## Work request
Below are the entries; output exactly the lines from the one containing "this 1600×1066 image." through the final line, inclusive.

## Data excerpts
---

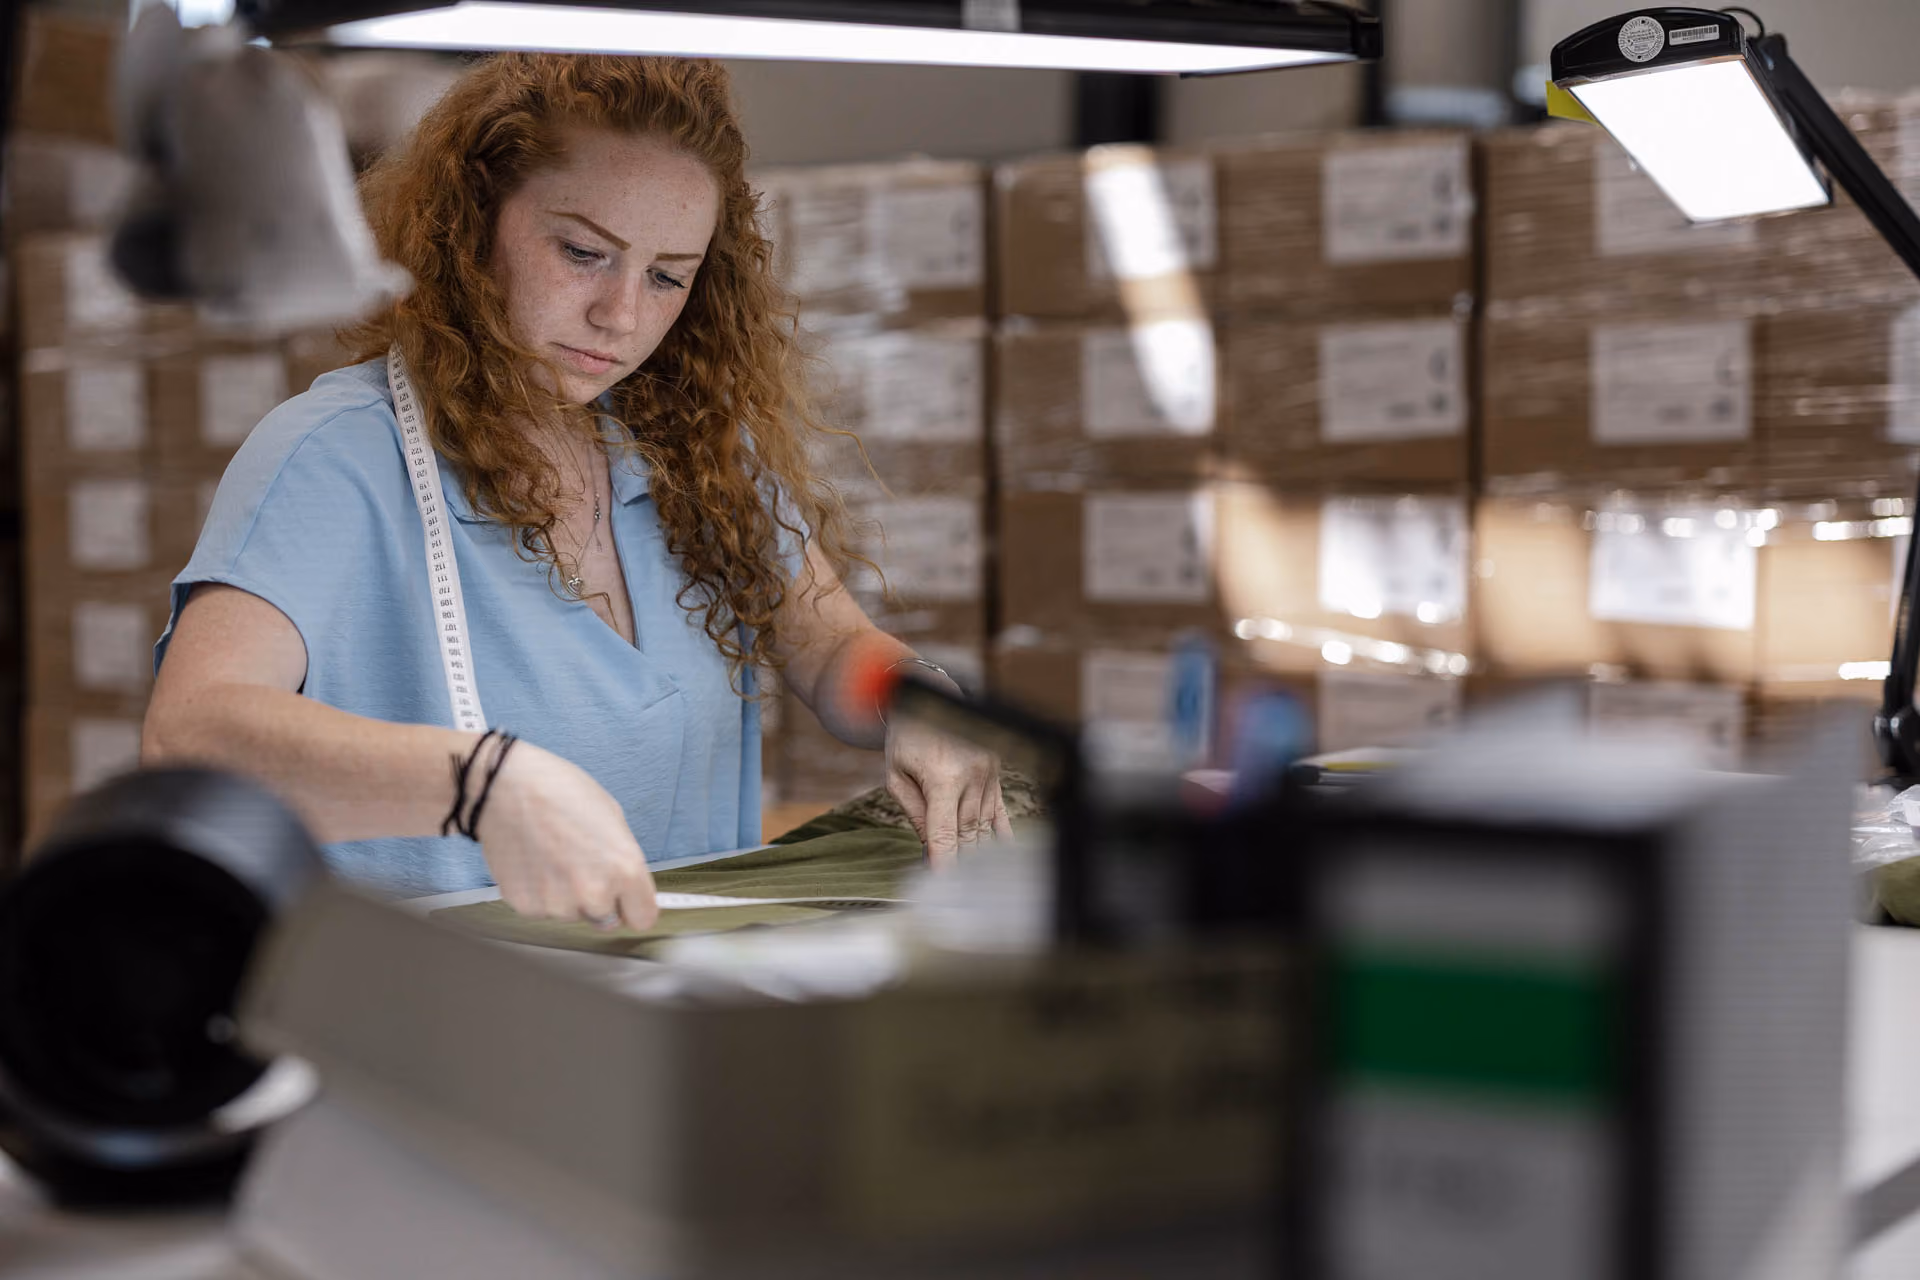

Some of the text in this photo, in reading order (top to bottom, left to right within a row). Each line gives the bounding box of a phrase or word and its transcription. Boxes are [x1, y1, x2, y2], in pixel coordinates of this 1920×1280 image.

[406, 426, 418, 434] 124
[414, 458, 425, 466] 121
[426, 504, 436, 515] 117
[428, 516, 438, 526] 116
[431, 539, 442, 548] 114
[433, 551, 444, 560] 113
[434, 563, 446, 572] 112
[437, 575, 448, 583] 111
[440, 599, 453, 607] 109
[442, 611, 455, 619] 108
[445, 623, 457, 632] 107
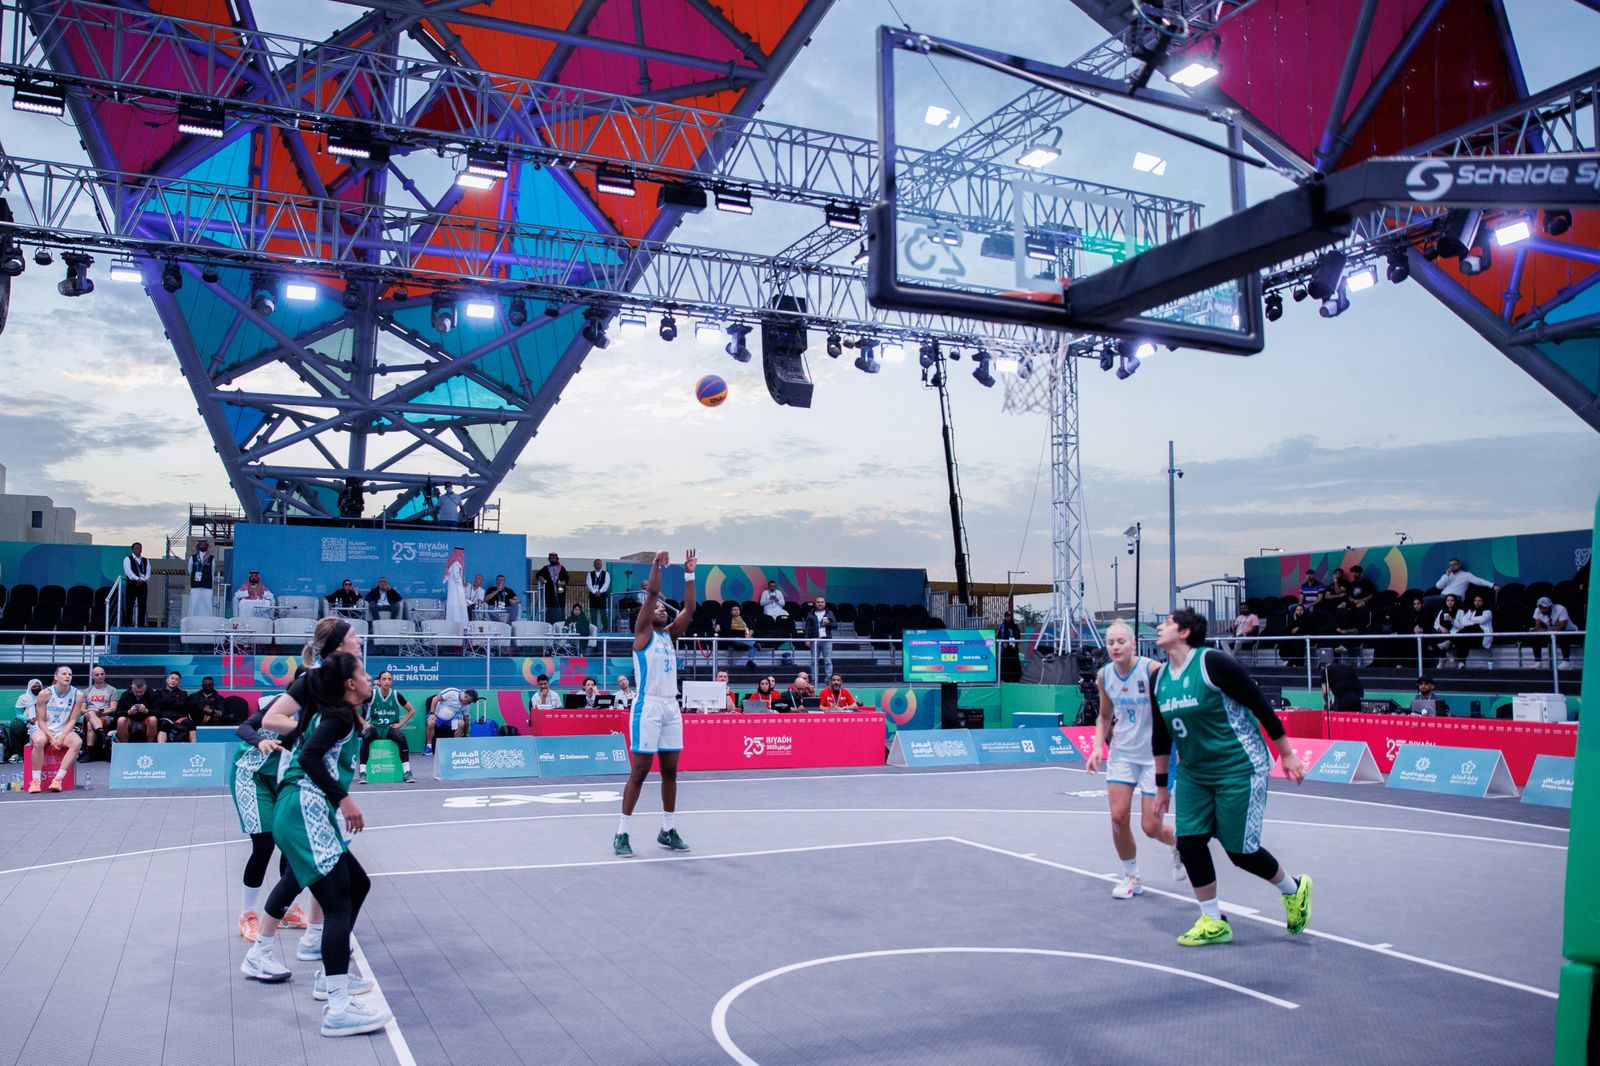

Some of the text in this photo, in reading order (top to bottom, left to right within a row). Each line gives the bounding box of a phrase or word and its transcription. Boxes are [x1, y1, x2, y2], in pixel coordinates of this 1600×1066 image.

[1456, 164, 1569, 186] Schelde
[393, 674, 440, 682] NE NATION
[1170, 694, 1200, 712] Arabia
[1172, 717, 1188, 738] 9
[766, 735, 793, 744] RIYADH
[452, 750, 480, 758] المسار
[452, 757, 480, 766] الرياضي

---

## Problem solution
Some of the text in this photo, in reading order (top to bottom, left to right within a row). Each line gives the bounding box of a phrase or word and its transcription. Boxes are [x1, y1, x2, y2], in pixel coordinates of this 1600×1066 image.

[1456, 164, 1569, 186] Schelde
[393, 674, 440, 682] NE NATION
[1170, 694, 1200, 712] Arabia
[1172, 717, 1188, 738] 9
[766, 735, 793, 744] RIYADH
[452, 750, 480, 758] المسار
[452, 757, 480, 766] الرياضي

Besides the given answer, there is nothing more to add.